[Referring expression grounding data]
++++++++++++++++++++
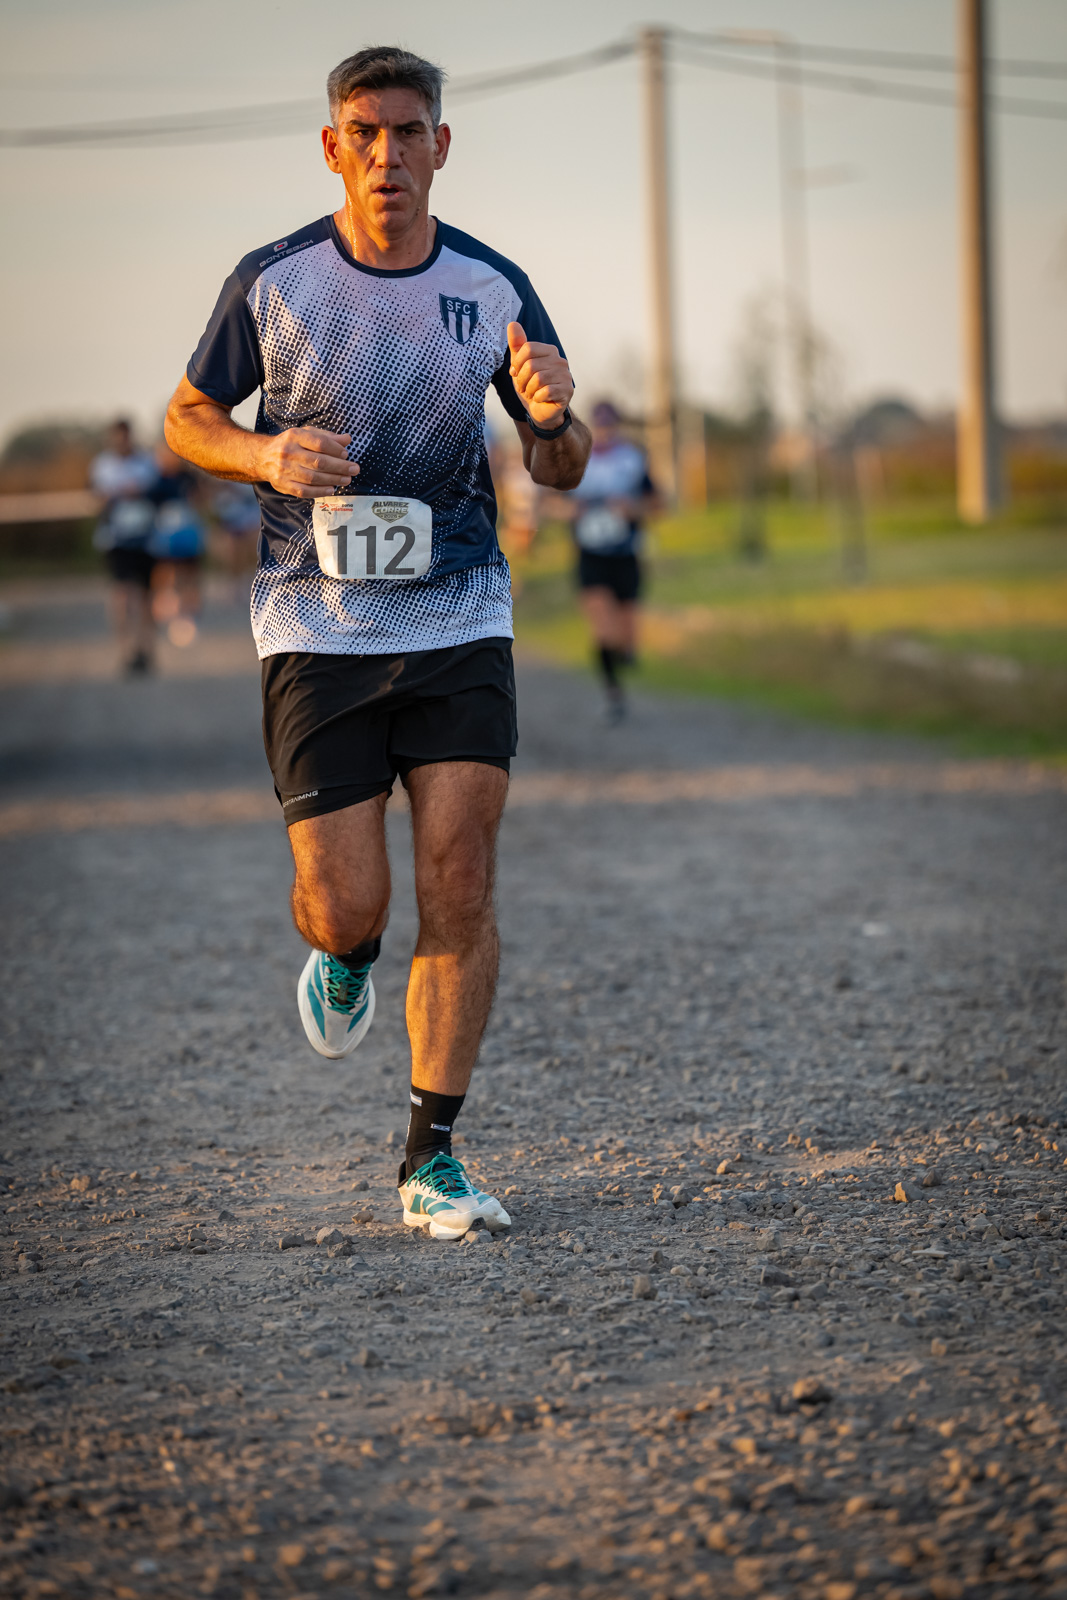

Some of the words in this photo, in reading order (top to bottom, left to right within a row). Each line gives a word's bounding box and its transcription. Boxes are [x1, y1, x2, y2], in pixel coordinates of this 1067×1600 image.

[446, 300, 471, 315] SFC
[374, 506, 409, 514] CORRE
[327, 525, 416, 575] 112
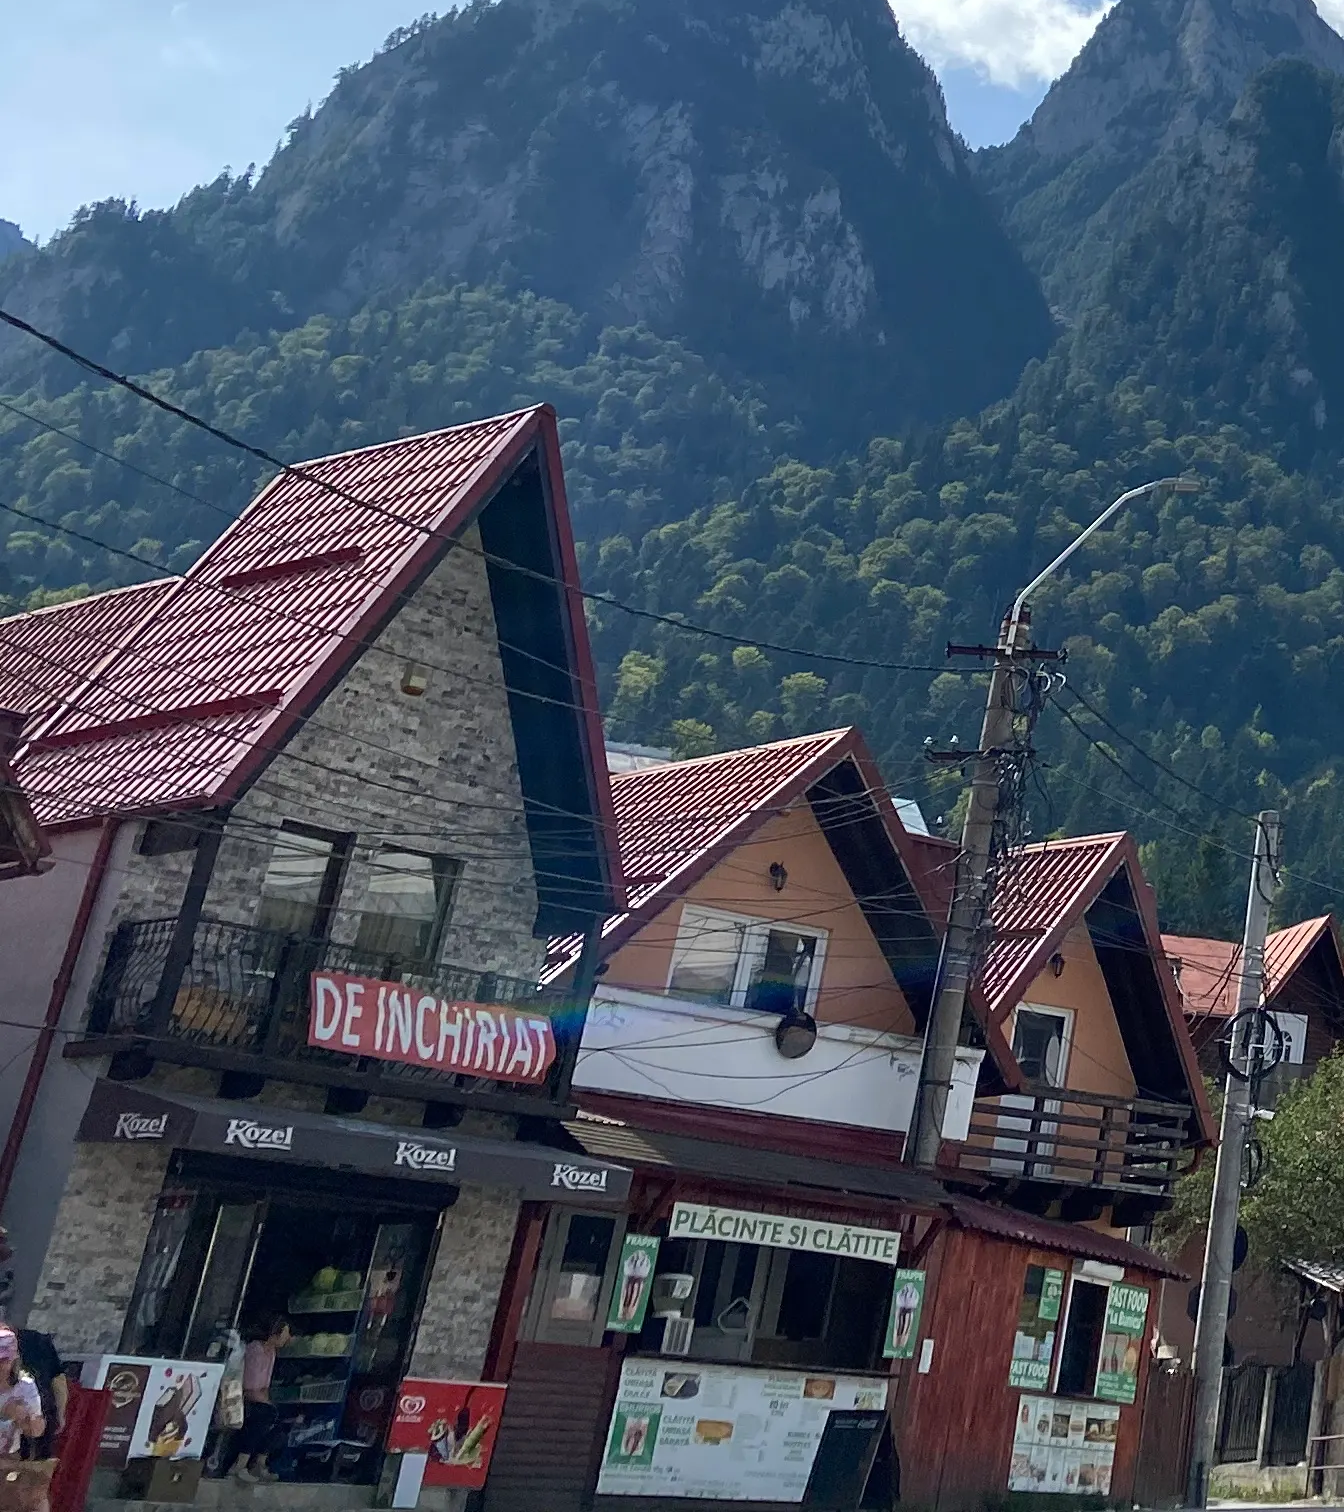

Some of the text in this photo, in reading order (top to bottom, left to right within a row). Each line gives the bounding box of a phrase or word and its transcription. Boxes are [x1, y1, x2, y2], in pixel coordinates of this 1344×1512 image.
++++++++++++++++++++
• Directions:
An exact copy of the records above is wanted, with the pictures omitted.

• Written answer:
Some of the words in this photo, in reading order (top to bottom, left to right within a row). Each line gives a word's bounding box and its transcription. Boxes are [x1, y1, x2, y2], in pixel coordinates of this 1067×1600 image.

[446, 300, 471, 315] SFC
[374, 506, 409, 514] CORRE
[327, 525, 416, 575] 112

Some of the text in this photo, in reading order (top to bottom, left to right within a row). Each line gives the bounding box of a phrase or word and its transcription. Boxes are [x1, y1, x2, y2], in pixel coordinates of this 1344×1512 image.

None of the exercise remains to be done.